18 Nisan 2015 Cumartesi

FİLM TAVSİYEM: HUGO (2011, ABD)

Kitap ve filmler dünyasından maalesef sık sık bir öneri getiremiyorum. İstiyorum ki; bitirme anında okuyucu ya da izleyici, hayata bakışına dair yeni bir renk, olumlu, kişisel ama insani yönde gelişimine katkı veren bir tortu, hiç olmazsa dile gelebilecek bir anafikir çıkarabilsin. Ama nafile; çoğunun verdiği lolipop şekerinin damakta bıraktığı tat gibi sadece izlendiği an elde edilen, bilgisayar hüneri görsel efekt veya daha da azına sahip, fabrikasyon, değersiz ve mesaj endişesi taşımayan cinsten oluyor.

Hızlı yaşa genç öl  ya da bırak saçım dağınık kalsın ekolünün düşünmeyen, düşündüren şeyleri sevmeyen, düşünmekten adeta korkan ve televizyon ekranında bile bu neviden bir yapım olduğunda "zap" denen adı bile berbat işi yapanlar doğal olarak; beyinleriyle muhatap kıldıkları ve kendileri farkında olmasa da çok değerli ömürlerinden okumak veya seyretmek için ayırdıkları, geri gelmez zaman mukabili; düşündürülmek gibi bir beklenti içinde olmayıp, "canım herşeyde de bir mesaj aranmazki, bakıyorum işte" diyedursunlar, ben böyle düşünmüyorum. İşte bu nedenle uyguladığım filtreden, tavsiye edebileceğim türden işler biraz az çıkıyor.


Size çocuklar, gençler ve yetişkinlerin rahatça seyredebilecekleri bir film öneriyorum: Hugo. Düşünsel faydasının zararından daha fazla olduğunu düşünüyorum. Birinci Dünya Savaşı ertesinde Paris'in kendine münhasır, büyülü entelektüel sosyal çevresinin savaş sonrası aldığı yaraları sarmaya çalıştığı, buharlı lokomotif dönemi. Hikayemiz de insanların bu şartlar altında kültürel, sosyal sığınma ve yeniden bir kültür olgunlaştırma mekanı olarak seçtikleri, büyük bir tren garında geçiyor.

İnandığı uğruna zoru göze alma, makinelerle hayatı özdeşleştirme, yılmama, sabretme, amacı için değişik çözümler geliştirme,, yaşamdaki varlık nedenini sorgulama, gözden çıkarmak yerine onarmaya odaklanma, özgüven ve idealler gibi pekçok konuda izleyene mesajlar paketlenmiş, bugünün standartlarına göre oldukça değerli bir film. 
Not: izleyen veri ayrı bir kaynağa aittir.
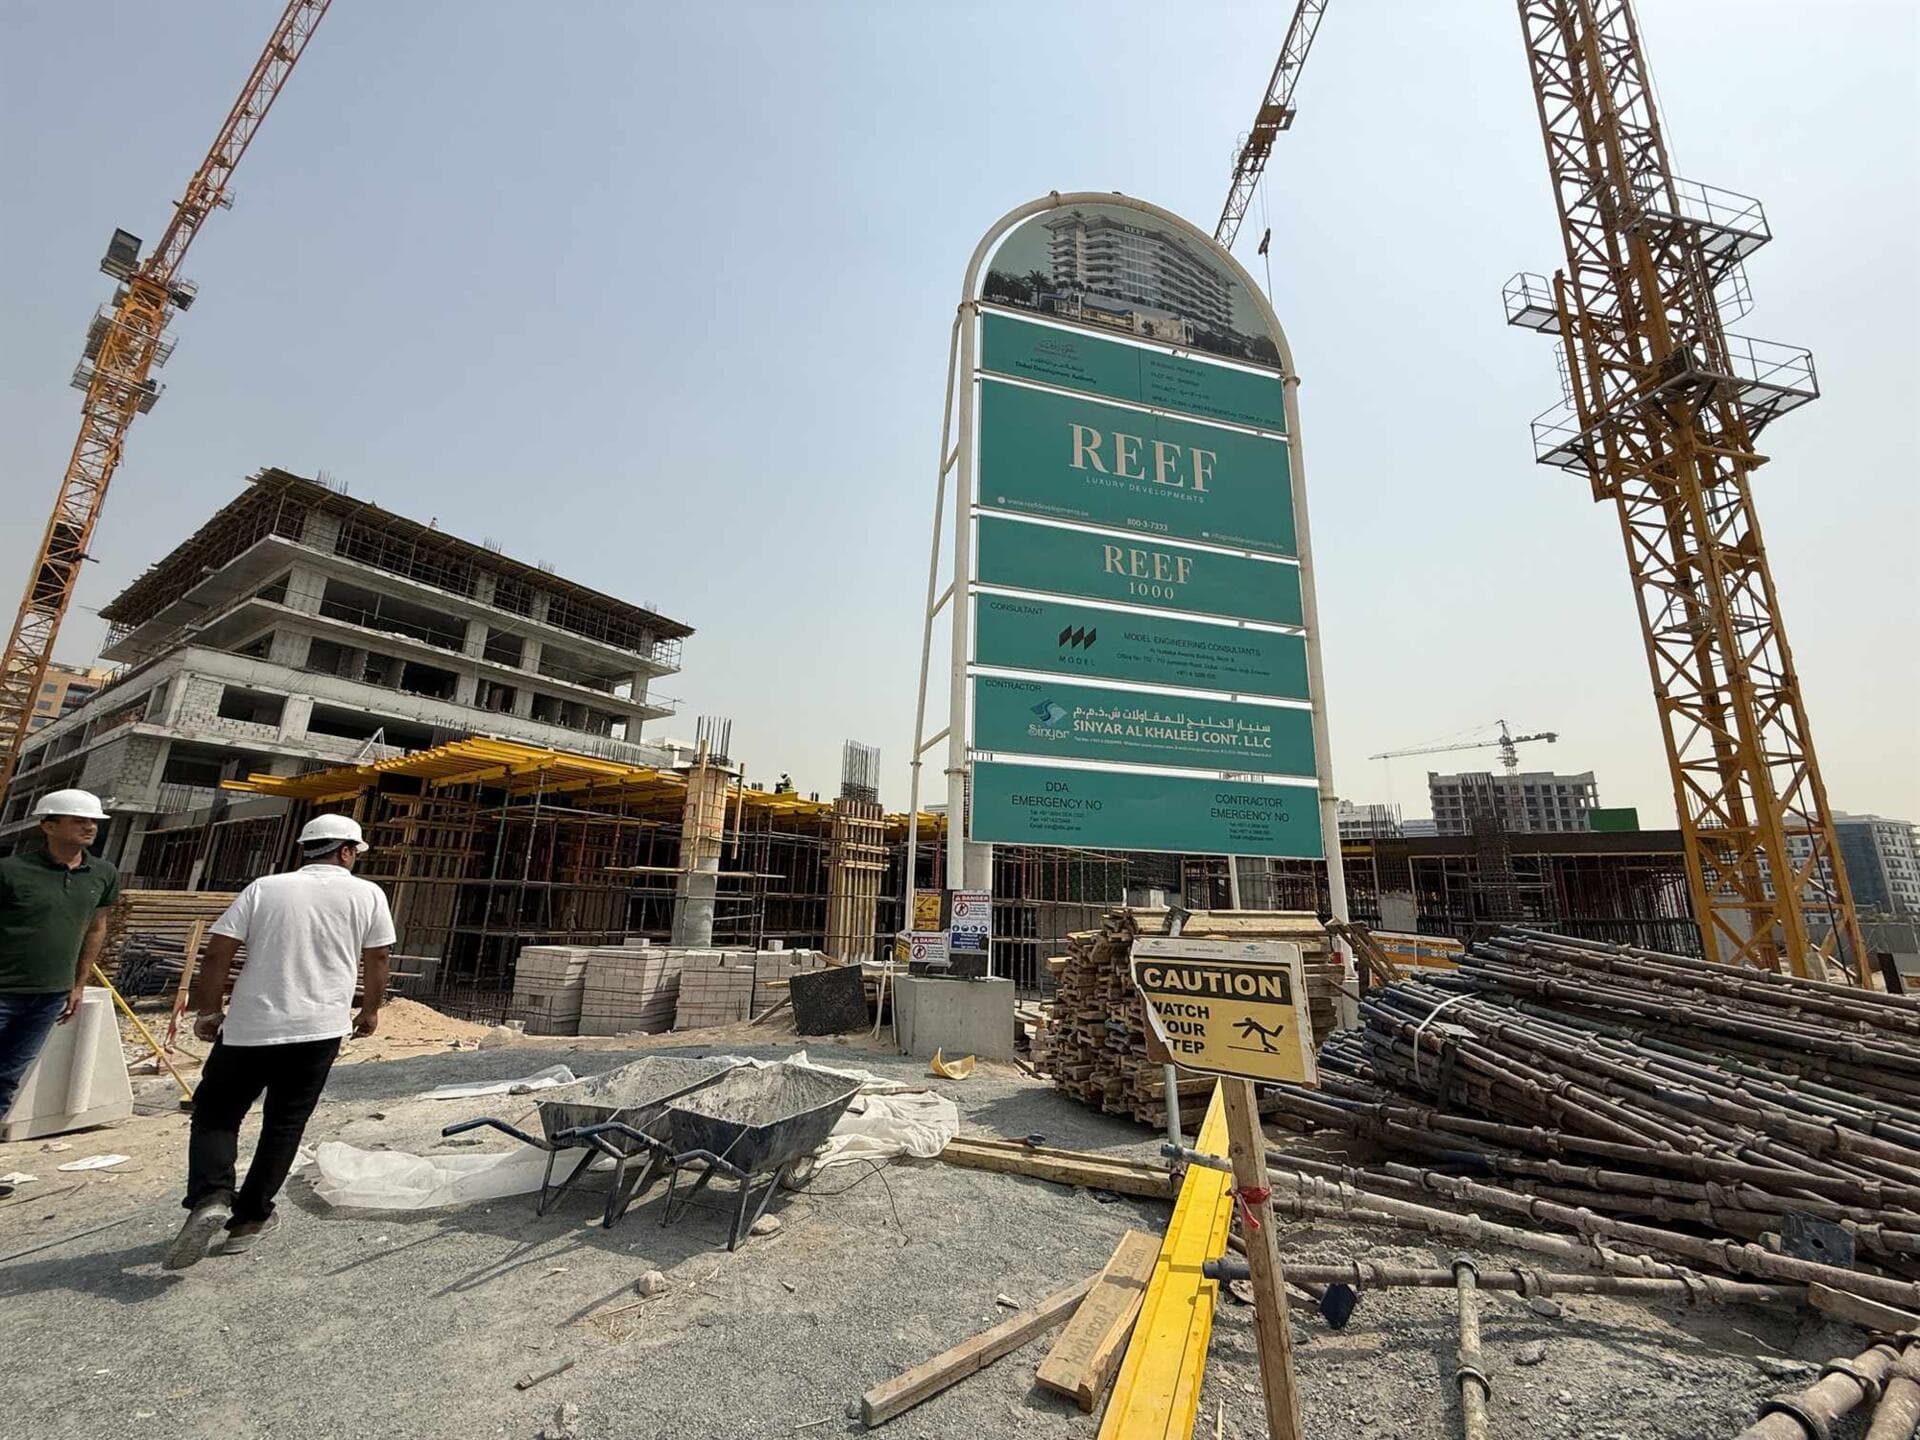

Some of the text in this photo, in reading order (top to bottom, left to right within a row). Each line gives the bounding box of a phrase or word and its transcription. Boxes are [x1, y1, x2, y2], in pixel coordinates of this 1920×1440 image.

[1068, 423, 1217, 493] REEF
[1086, 476, 1205, 504] LUXURY DEVELOPMENTS
[1103, 544, 1194, 585] REEF
[1128, 582, 1175, 600] 1000
[990, 602, 1044, 616] CONSULTANT
[1124, 633, 1150, 643] MODEL
[1154, 636, 1206, 649] ENGINEERING
[1208, 643, 1261, 656] CONSULTANTS
[1058, 655, 1096, 667] MODEL
[985, 680, 1042, 693] CONTRACTOR
[1074, 720, 1123, 735] SINYAR
[1126, 724, 1144, 738] AL
[1145, 727, 1200, 743] KHALEEJ
[1202, 731, 1242, 746] CONT.
[1046, 781, 1070, 792] DDA
[1012, 794, 1103, 811] EMERGENCY NO
[1215, 794, 1283, 808] CONTRACTOR
[1210, 808, 1290, 822] EMERGENCY NO
[1144, 967, 1282, 998] CAUTION
[1162, 1020, 1206, 1037] OUR
[1165, 1036, 1205, 1054] TEP
Bu vesileyle yetişkinler familyasına da iki satır mesaj göndermek istiyorum: 

Dikkatinizi çektiğini umut ettiğim gibi; sizin de kendiniz adına seyretmenizi dilediğim bir film tavsiye ediyorum. İlk birkaç dakikasına bakıp "ha bu çocuk filmiymiş" diye önyargılı yaklaşmayın lütfen, sabırla sonunu getirin, yaklaşık iki saat süren filmin. Yeterki dünyanın bütün telaşını bırakıp izleyin, inanınki pişman olmayacaksınız.